Site description Serpent Island is the most remote and inaccessible of the five northern islets of Mauritius (area given as 19 ha in some publications). The islet is in the shape of a dome (162 m high) with a circular base and extremely steep slopes. The lower slopes are marked by hollows, overhangs and ledges, with low cliffs around the shore, whereas the upper slopes are relatively smooth.
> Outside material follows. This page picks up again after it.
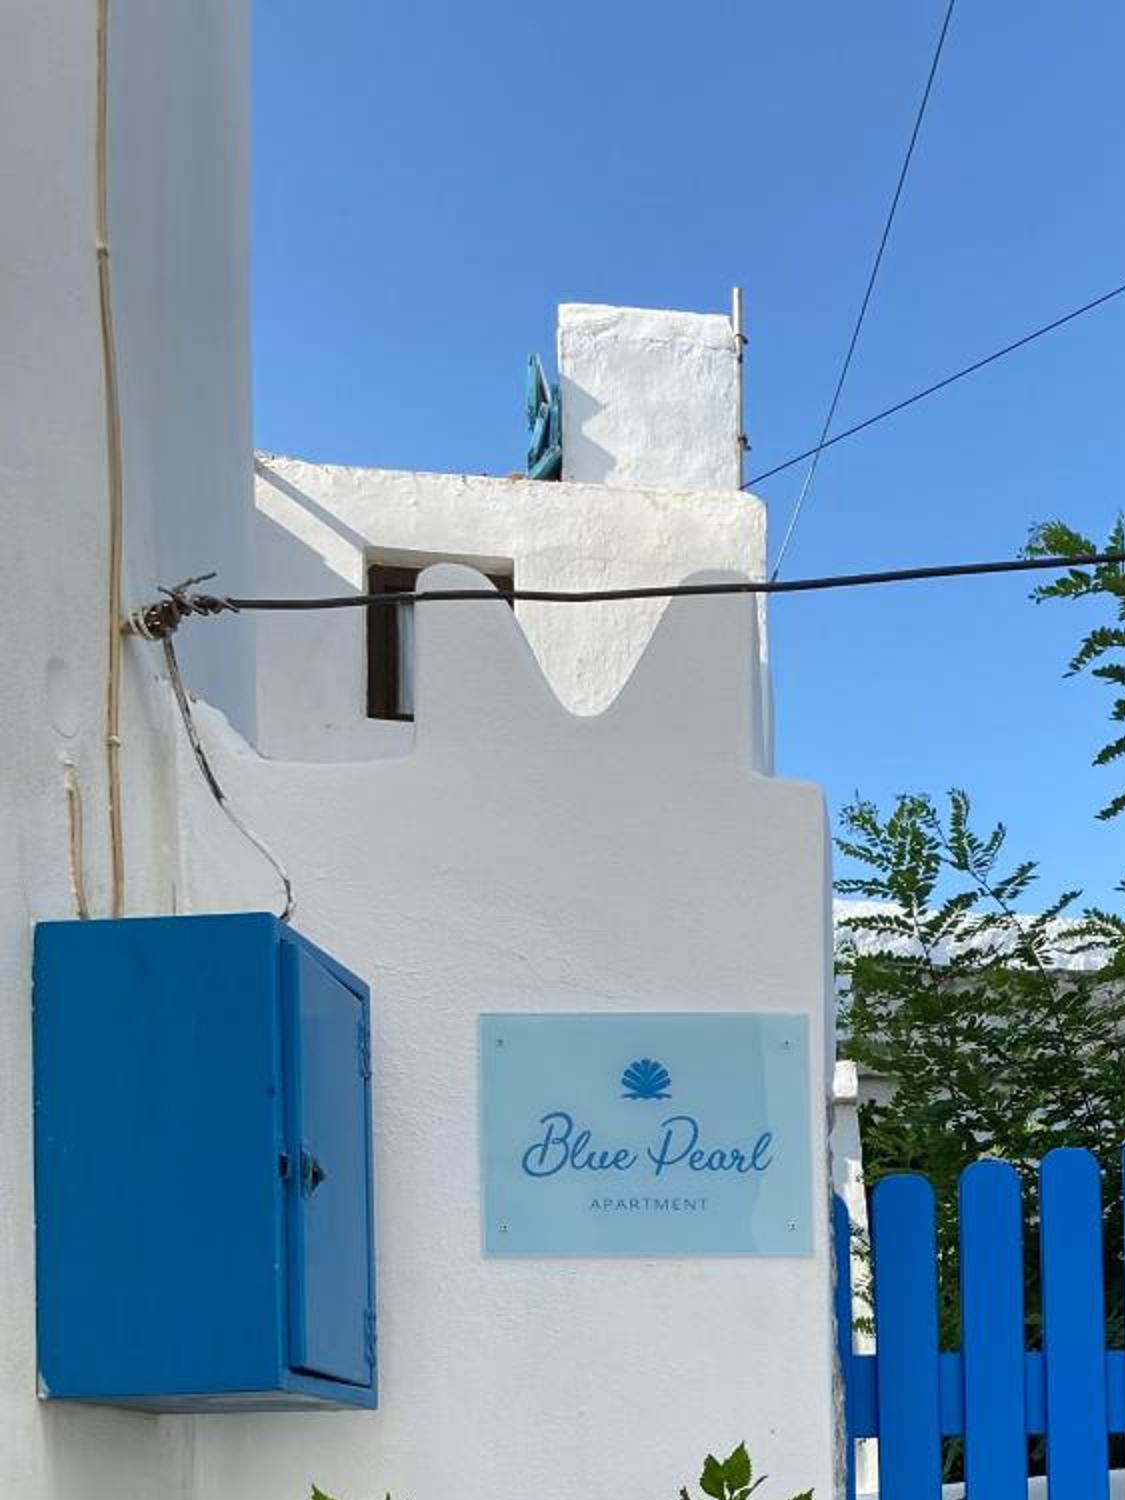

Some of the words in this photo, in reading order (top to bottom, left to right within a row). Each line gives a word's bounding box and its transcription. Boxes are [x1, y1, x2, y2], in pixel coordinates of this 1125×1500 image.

[521, 1111, 638, 1178] Blue
[647, 1115, 774, 1177] Pearl
[590, 1198, 708, 1211] APARTMENT
Vegetation is almost absent; the three plant species recorded are all rare, although common elsewhere. A thin coating of guano covers the rock surface. Landing is extremely difficult. As on Round Island, exotic rodents have never become established. However, a vast colony of surface-nesting seabirds covers the whole islet and this, combined with the near-absence of vegetation, gives Serpent Island a totally different character. It has an ecosystem of vertebrates and invertebrates, many perhaps endemic to the islet, most living independently of any vegetation.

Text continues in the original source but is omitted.